Cette anecdote renvoie pour lui à une autre évoquée plus tôt par Jan Karlsson, qui rappelait l'énorme discussion qu'il y avait eu lors de l'entrée de l'Espagne et du Portugal dans l'Union européenne en 1986, où l’on craignait un afflux massif d’Espagnols et de Portugais. Alors qu'on s'attendait à des millions de personnes migrant dans la riche Europe du Nord, on voyait les Espagnols plutôt rentrer chez eux. Conclusion : "Ceux qui avaient eu besoin de partir étaient déjà partis." Cem Özdemir voit en tout cas dans ces réactions la preuve de la nécessité de débattre des questions de migration.

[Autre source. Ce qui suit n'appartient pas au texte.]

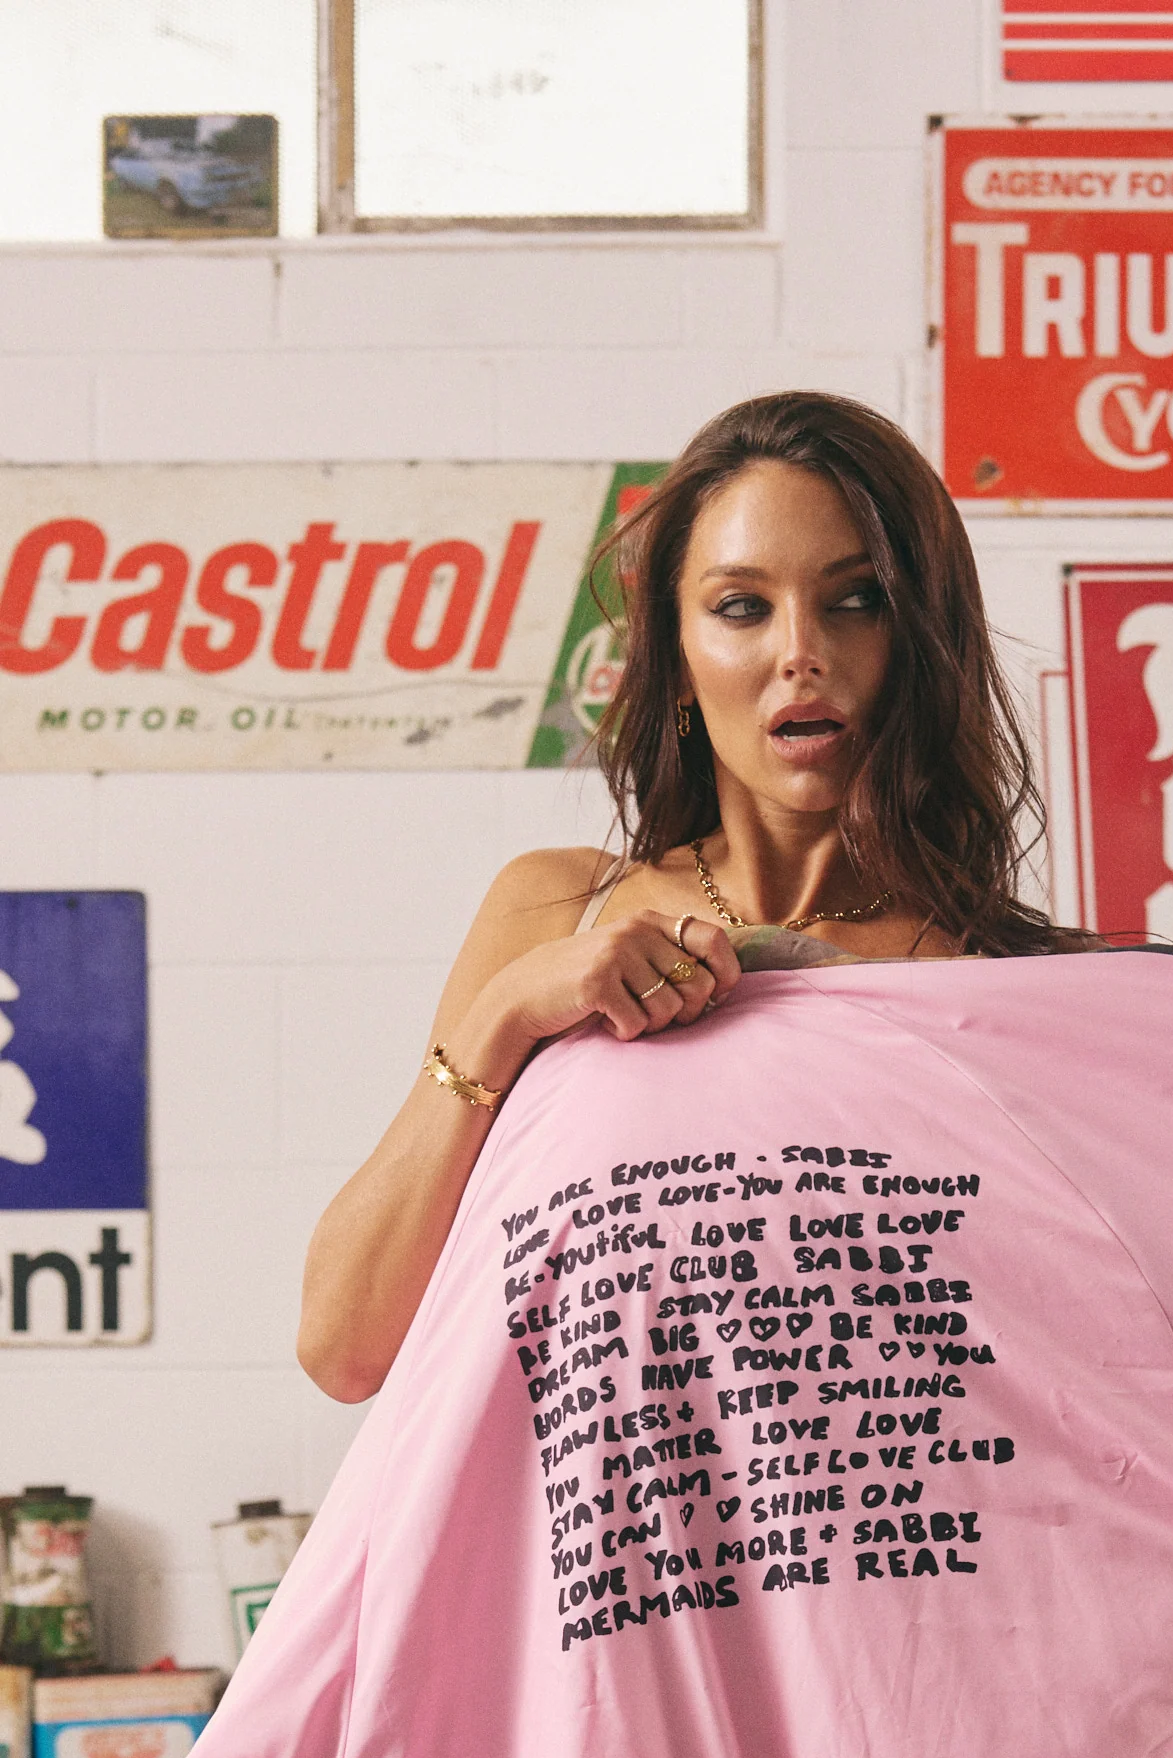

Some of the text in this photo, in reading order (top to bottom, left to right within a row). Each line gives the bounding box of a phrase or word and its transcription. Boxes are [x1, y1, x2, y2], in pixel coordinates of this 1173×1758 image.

[983, 171, 1112, 198] AGENCY
[0, 517, 543, 676] Castrol
[38, 707, 198, 732] MOTOR
[230, 707, 302, 732] OIL
[500, 1205, 539, 1242] YOU
[548, 1177, 594, 1212] ARE
[610, 1151, 736, 1187] ENOUGH
[780, 1144, 893, 1169] SABBI
[571, 1192, 642, 1229] LOVE
[794, 1171, 847, 1195] ARE
[862, 1173, 981, 1198] ENOUGH
[690, 1217, 767, 1249] LOVE
[789, 1212, 865, 1242] LOVE
[876, 1209, 966, 1236] LOVE
[0, 1227, 132, 1332] nt
[507, 1243, 934, 1339] SELF LOVE CLUB SABBI
[516, 1277, 973, 1376] BE KIND STAY CALM SABBI
[527, 1311, 968, 1403] DREAM BIG BE KIND
[641, 1354, 715, 1391] HAVE
[731, 1343, 854, 1373] POWER
[717, 1380, 800, 1420] KEEP
[817, 1372, 967, 1405] SMILING
[545, 1406, 943, 1515] YOU MATTER LOVE LOVE
[551, 1488, 615, 1551] STAY
[625, 1468, 712, 1515] CALM
[927, 1436, 1016, 1465] CLUB
[550, 1479, 924, 1580] YOU CAN SHINE ON
[558, 1565, 628, 1616] LOVE
[714, 1526, 808, 1568] MORE
[852, 1511, 982, 1545] SABBI
[561, 1547, 978, 1652] MERMAIDS ARE REAL

Il déplore aussi les réactions simplistes qui attribuent à la présence de jeunes d'origine immigrée l'échec de l'Allemagne à l'étude PISA alors que la condition sociale est bien plus déterminante dans les résultats des élèves. Idem pour ce qui est de la stigmatisation de l'islam dont de nombreux partis populistes ont fait leur fonds de commerce : "Il est simpliste d'expliquer tous les problèmes que rencontre la société avec la religion". Pour autant, il souligne aussi que lorsqu'on arrive dans un pays d’accueil, il y a des obligations à remplir, en termes de connaissance de la langue, de respect de la Constitution, de partage des valeurs communes.

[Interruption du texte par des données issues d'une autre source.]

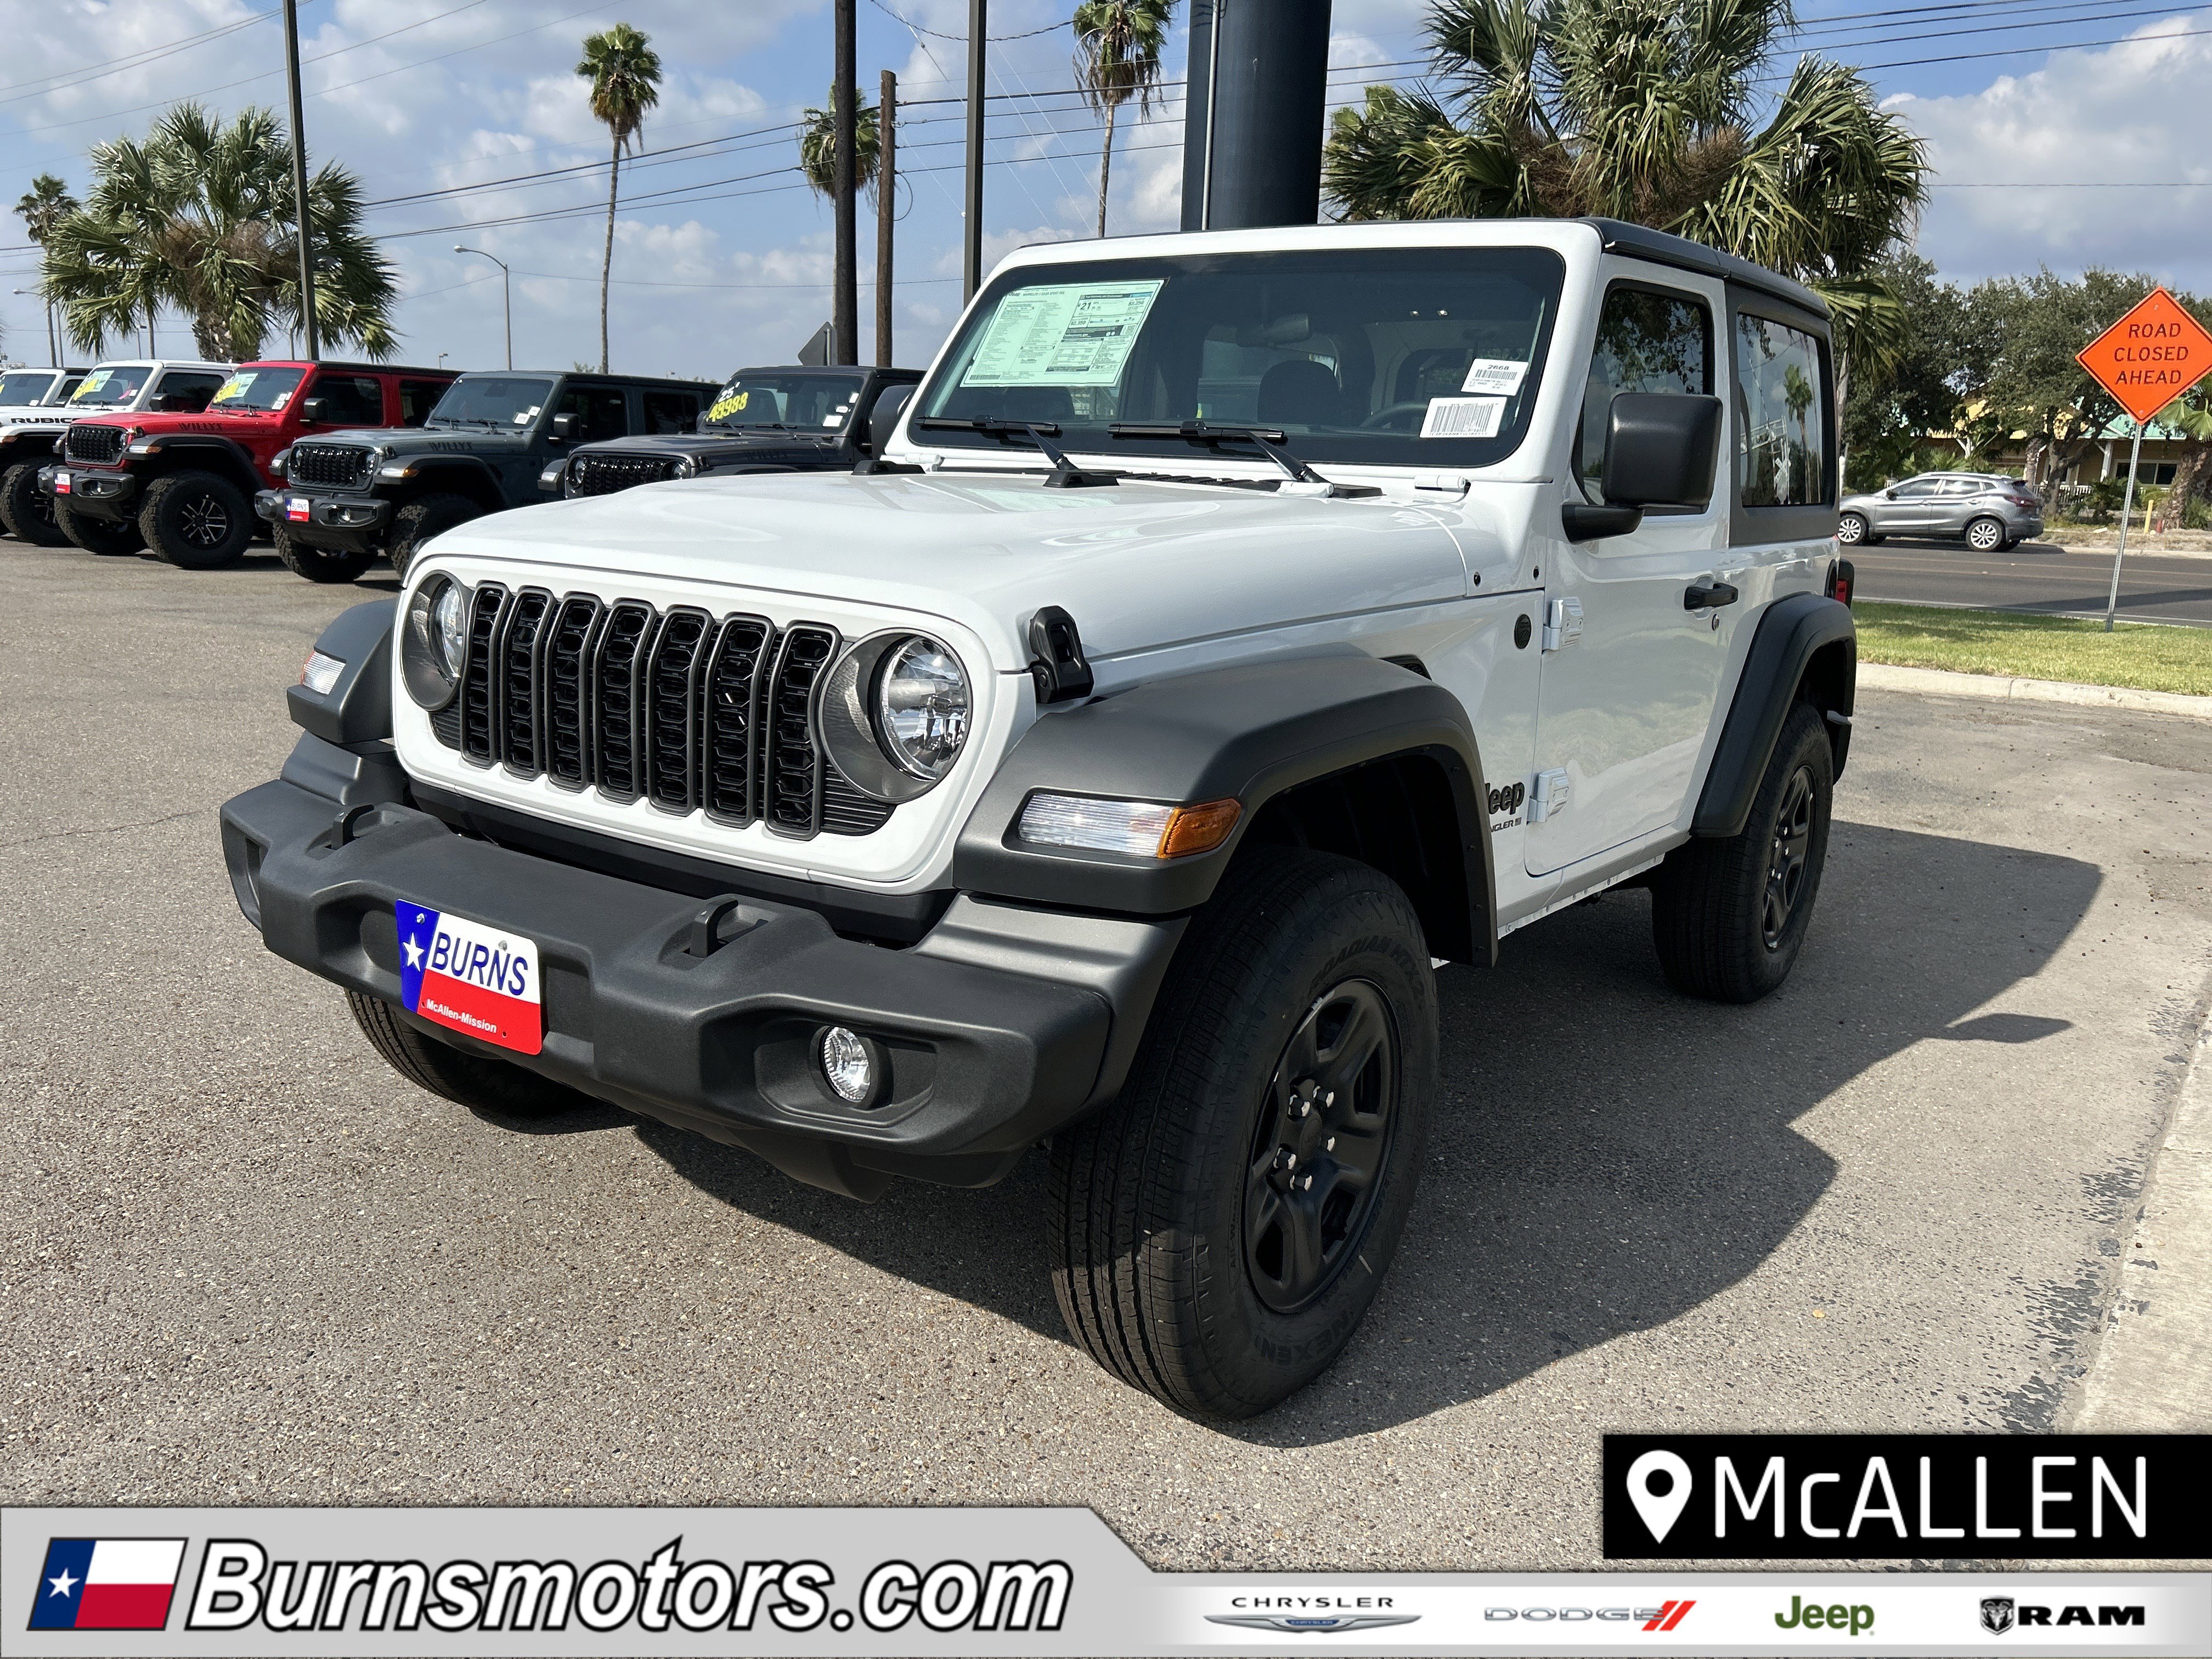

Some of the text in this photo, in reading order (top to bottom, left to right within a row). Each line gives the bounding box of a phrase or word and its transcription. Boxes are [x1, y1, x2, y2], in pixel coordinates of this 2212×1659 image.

[1080, 302, 1092, 311] 21
[2128, 323, 2181, 338] ROAD
[2114, 346, 2189, 362] CLOSED
[2115, 369, 2182, 385] AHEAD
[177, 422, 223, 431] WILLYS
[428, 442, 473, 452] WILLYS
[431, 932, 528, 996] BURNS
[426, 998, 497, 1034] McAllen-Mission

Ode au système de points canadien

Pour Cem Özdemir, il n’y a pas de contradiction entre un taux de chômage élevé et le recours à l'immigration légale, notamment pour ce qui est des ingénieurs hautement qualifiés qui font défaut sur le marché du travail allemand notamment. Il ne veut pas entendre parler de migration temporaire. "Il faut inclure le moyen de devenir citoyen." Il regarde avec envie le système de points du Canada, "dont pourrait s'inspirer l'Europe", dans lequel sont pris en compte l'âge, les langues parlées, l'éducation, l'expérience professionnelle. Il est aussi crucial d'agir à travers les universités, comme savent si bien le faire le Canada et les Etats-Unis.

Cem Özdemir évoque encore le régime de visas qui est très important pour la manière dont les gens parlent de l'Europe. Il déplore qu'il ait été allégé pour les pays des Balkans et pas pour la Turquie qui dispose pourtant d'"une population très jeune, qui va de plus en plus à l'université". "On ne leur permet pas de venir en Europe, d'y étudier et de ramener des idées européennes en Turquie."